The Current Newspapers
- Type: Weekly newspaper
- Format: Tabloid
- Owner: Davis Kennedy
- Publisher: David Ferrara
- Editor: Kate Michael
- Founded: 1967
- Ceased publication: 2019
- Headquarters: 5185 MacArthur Blvd. NW, Suite 102, Washington, D.C., United States
- Circulation: 48,200 Weekly
- Website: currentnewspapers.com
- Free online archives: http://209.160.1.24/archive.php

= The Current Newspapers =

Four weekly community newspapers in Washington, D.C., United States

The Current Newspapers consisted of four print and online weekly community newspapers in Washington, D.C., with editions targeted to affluent communities in Georgetown, Dupont Circle, Foggy Bottom, and Northwest DC.

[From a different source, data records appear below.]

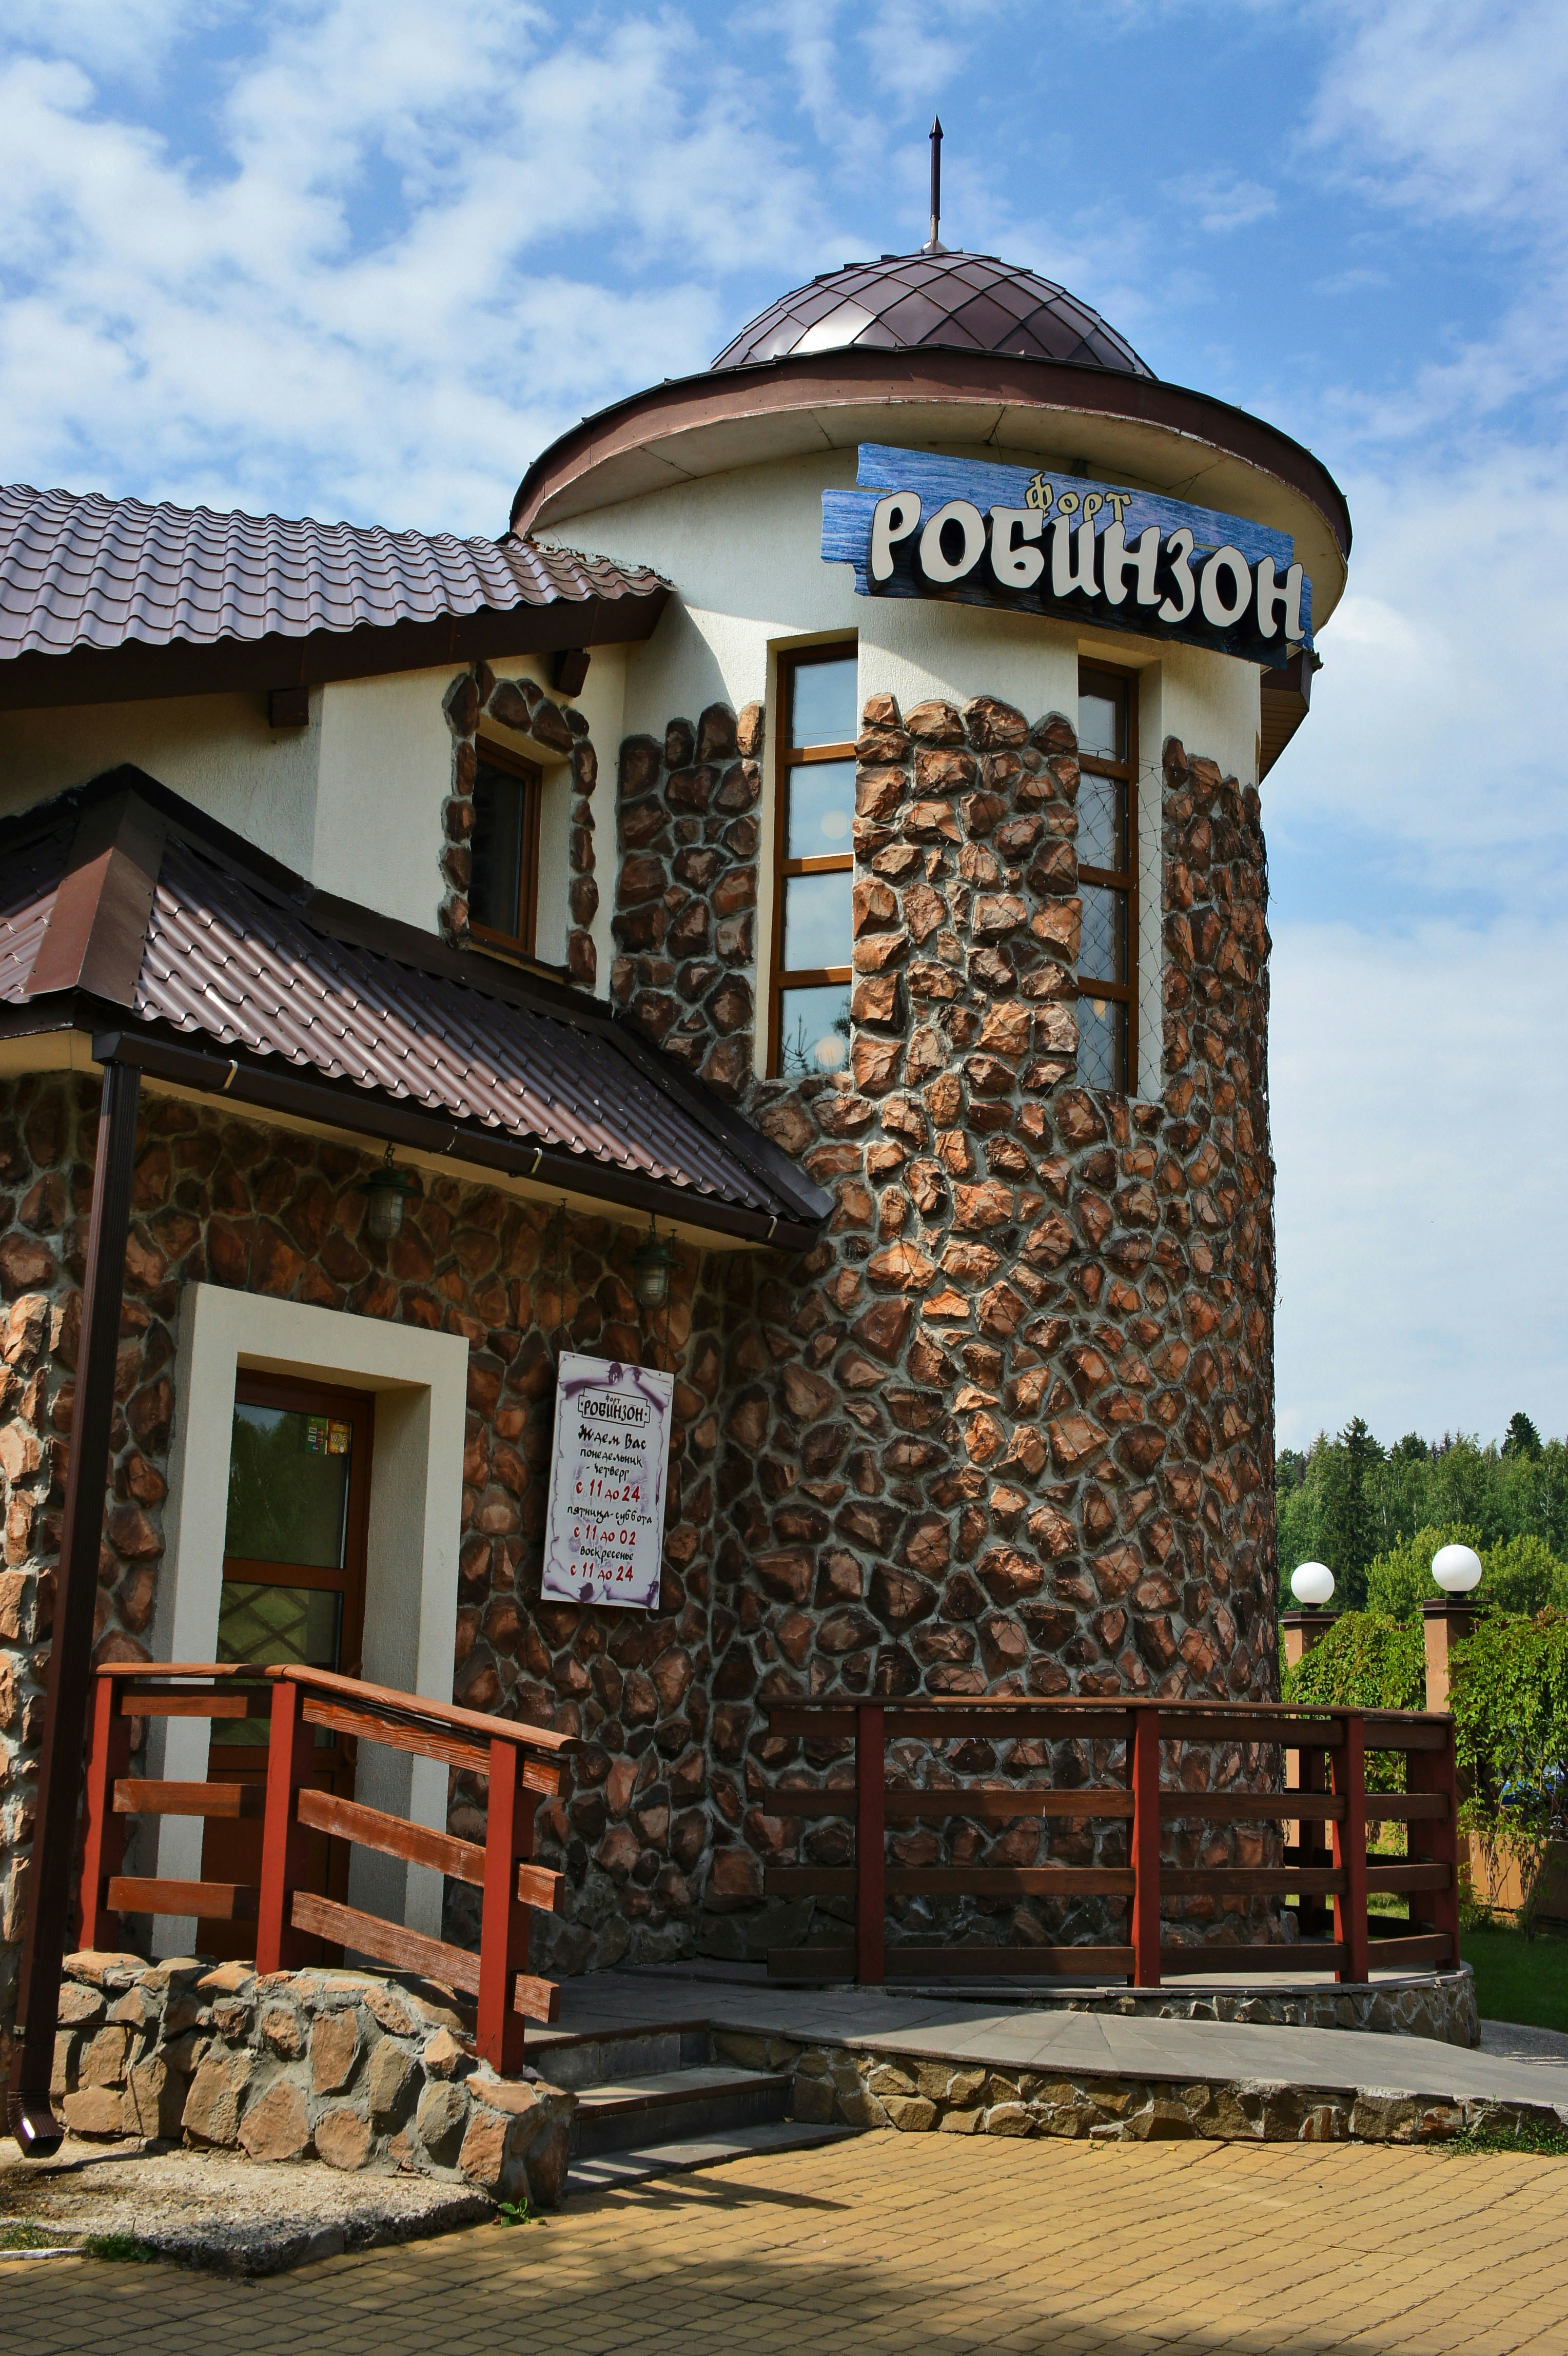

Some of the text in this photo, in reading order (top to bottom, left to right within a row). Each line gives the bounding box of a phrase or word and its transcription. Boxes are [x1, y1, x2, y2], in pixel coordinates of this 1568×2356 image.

[1026, 472, 1131, 521] форт
[870, 490, 1306, 641] РОБИНЗОН
[605, 1393, 621, 1405] форт
[578, 1424, 646, 1449] Ждем Вас
[580, 1448, 643, 1467] понедельник
[590, 1479, 602, 1497] 11
[604, 1489, 619, 1503] до
[622, 1485, 640, 1502] 24
[586, 1524, 597, 1540] 11
[600, 1531, 615, 1545] до
[620, 1529, 636, 1545] 02
[580, 1546, 634, 1563] воскресенье
[583, 1562, 594, 1578] 11
[598, 1569, 612, 1584] до
[616, 1565, 633, 1582] 24

The publications group provided readers with the latest news from the District of Columbia government, local government including Advisory Neighborhood Commissions (ANC), citizens organizations, and other community news, sports, events, and entertainment for areas served since 1967.

The company previously owned a newspaper on Capitol Hill – Voice of the Hill – but ceased publication on May 5, 2010, citing declines in advertising revenue. This announcement came around 9 months after the death of the paper's co-founder, Bruce Robey, who was found dead due to an apparent heart attack in September, 2009. The company ceased all publications on May 10, 2019.

== History ==

=== Northwest Current ===
The first issue of the Northwest Current was released on October 20, 1977, succeeding the Potomac Current, which ran biweekly from 1968–1977.

=== Georgetown Current ===
The Georgetown Current began publication in 1991, and covers news concerning the communities of Burleith, Foxhall, Georgetown, Glover Park, and the lower Palisades.

=== Financial issues and closure ===
On September 8, 2017, one of The Currents former printers, Gannett Company, filed a lawsuit against The Current through the DC Superior Court for $180,000 worth of unpaid printing bills.

In early January 2018, The Current filed for bankruptcy, having owed its creditors more than $1.25 million, with the free newspaper not having the money to pay its workers, distributors, or printers. The Current filed a petition for Chapter 11 protection on January 3 through the U.S. Bankruptcy Court for the District of Columbia, in which it reported less than $50,000 in assets and over $1.2 million in liabilities. Many of these liabilities come from former printers such as the previously mentioned Gannett Company, to which it owed over $180,000, Bartash Printing Inc for $105,000, APG of Chesapeake for $60,000, and former writers and photographers who are owed around $26,000.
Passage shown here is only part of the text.